== Segment start ==

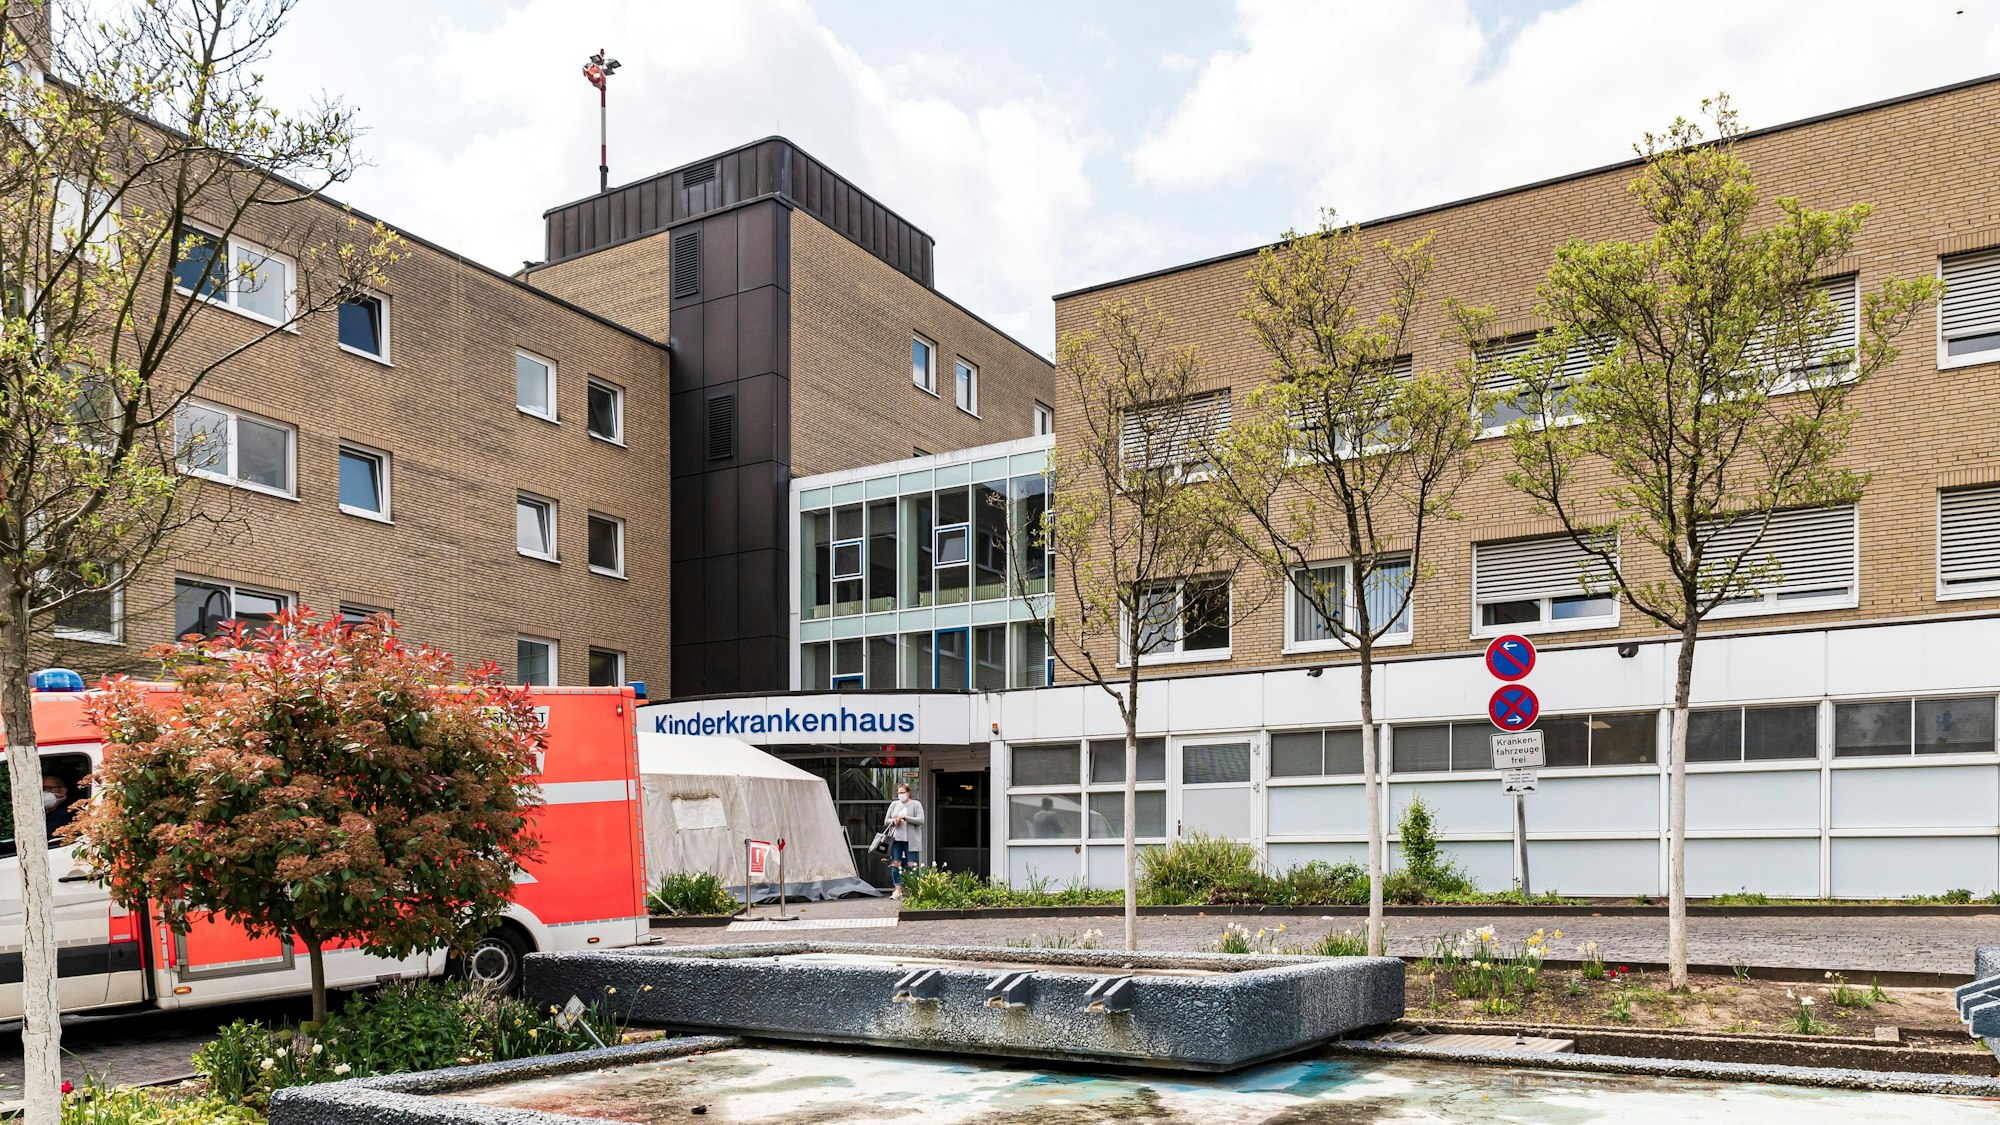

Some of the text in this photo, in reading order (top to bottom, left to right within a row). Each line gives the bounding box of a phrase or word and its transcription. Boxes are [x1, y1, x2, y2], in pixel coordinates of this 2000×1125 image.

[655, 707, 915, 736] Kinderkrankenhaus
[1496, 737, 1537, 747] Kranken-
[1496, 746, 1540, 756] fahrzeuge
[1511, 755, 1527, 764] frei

== Segment end ==

#### Work order:
Provide an exact copy of the records, excluding every picture.

#### Task response:
Some of the text in this photo, in reading order (top to bottom, left to right within a row). Each line gives the bounding box of a phrase or word and its transcription. Boxes are [x1, y1, x2, y2], in pixel coordinates of this 2000×1125 image.

[655, 707, 915, 736] Kinderkrankenhaus
[1496, 737, 1537, 747] Kranken-
[1496, 746, 1540, 756] fahrzeuge
[1511, 755, 1527, 764] frei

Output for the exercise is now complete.